Walau besaran angka cadangan devisa ini disebutkan dapat mendanai kebutuhan impor Indonesia selama 6,4 bulan ke depan plus pembayaran utang luar negeri pemerintah, lagi-lagi pilihan untuk menggunakan instrumen ini telah ”dikunci” melalui ketentuan hukum.
Undang-Undang Nomor 23
Narasi propasar
Narasi politik apa yang tengah disampaikan oleh tertutupnya semua instrumen mobilisasi dana untuk mengatasi peningkatan harga BBM di pasar internasional itu sehingga pilihan tidak menaikkan harga BBM tidak dapat dibuat? Narasinya sangat jelas. Negara sangat lemah menghadapi gejolak pasar global. APBN telah luntur watak namanya sebagai anggaran yang menghubungkan negara dengan warganya.

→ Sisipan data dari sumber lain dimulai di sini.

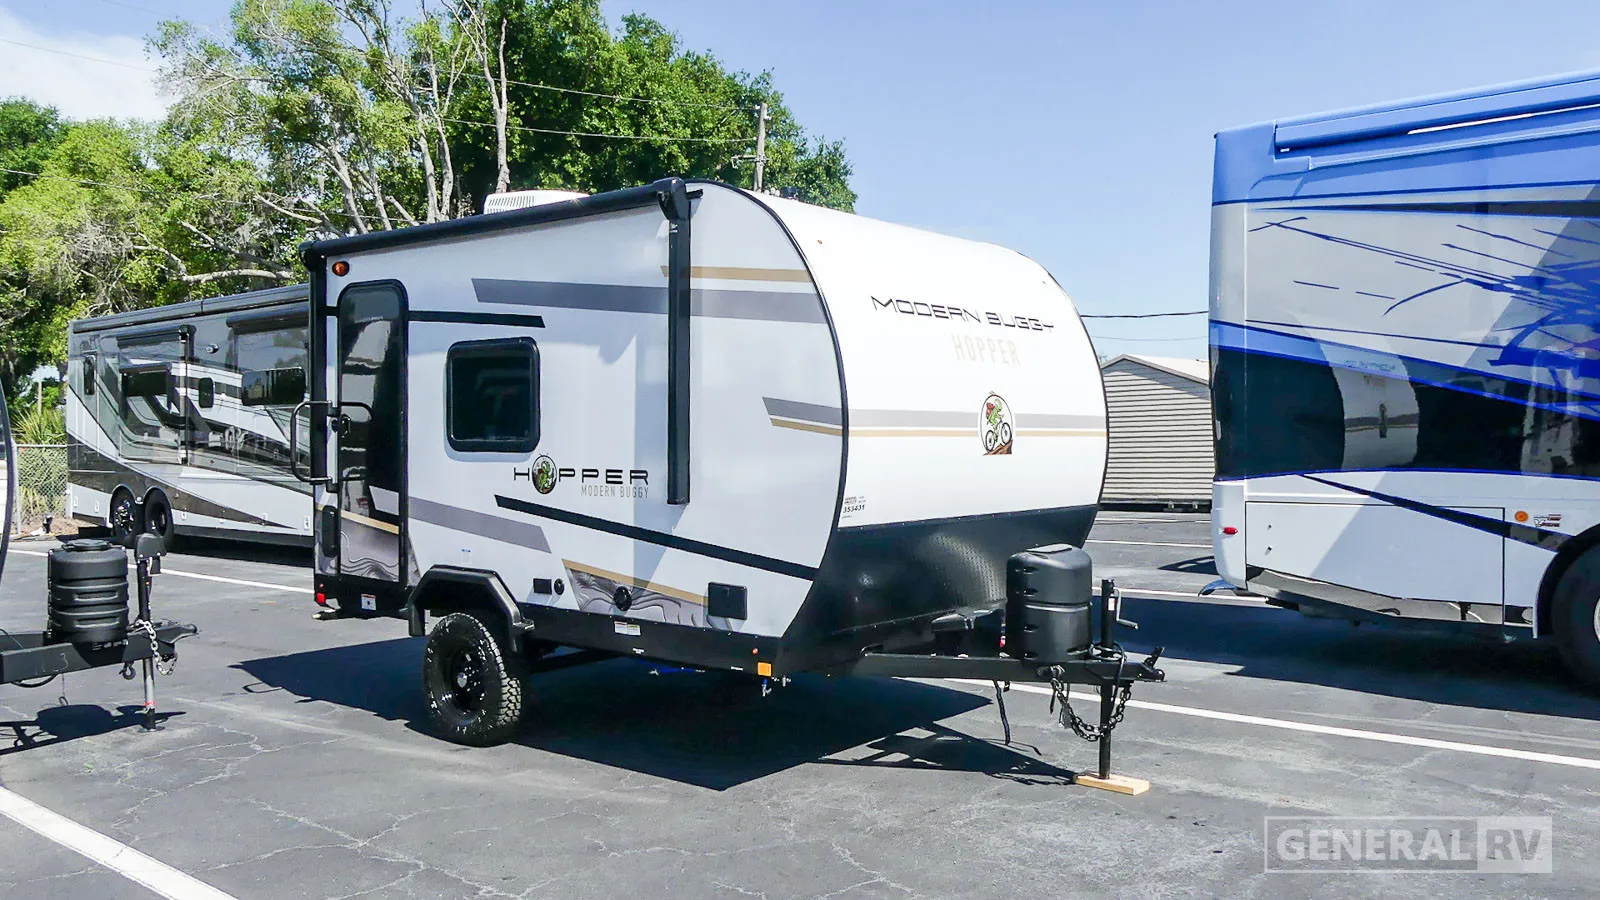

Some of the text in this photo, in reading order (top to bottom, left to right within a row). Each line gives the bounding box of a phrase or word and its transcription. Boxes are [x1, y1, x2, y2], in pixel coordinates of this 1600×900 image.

APBN sebagai refleksi angka kuantitatif untuk menghubungkan cita-cita politik dari kekuatan politik domestik dengan konstituensinya juga telah berkurang maknanya. Dengan mengalihkan beban kenaikan harga BBM kepada masyarakat, wewenang penganggaran (budgeting) DPR yang diagungkan oleh semua kekuatan politik di institusi legislatif juga tidak lagi bekerja sebagai variabel politik yang independen dan otonom. Ia telah berubah menjadi variabel dependen dan ”sekutu” dari pasar global.
Keputusan pemerintah untuk menaikkan harga BBM hanyalah sepotong cerita kecil dari narasi politik besar negara yang lemah dan propasar itu. Dalam narasi politik besar ini pula, kata subsidi telah menjadi tersudut menjadi kata ”kotor” yang harus dijauhi.
Begitu takutnya penguasa dengan kata subsidi itu pula sehingga ia dimunculkan secara malu-malu dengan kalimat ”bantuan langsung tunai”. Pertanyaan mengusik batinnya adalah masih dapatkah suatu pemerintah disebut dengan pro-poor (berpihak kepada kelompok masyarakat miskin) ketika kata-kata subsidi harus dijauhi, disembunyikan, dan kalau bisa dihilangkan dari leksikon politik pembuatan APBN?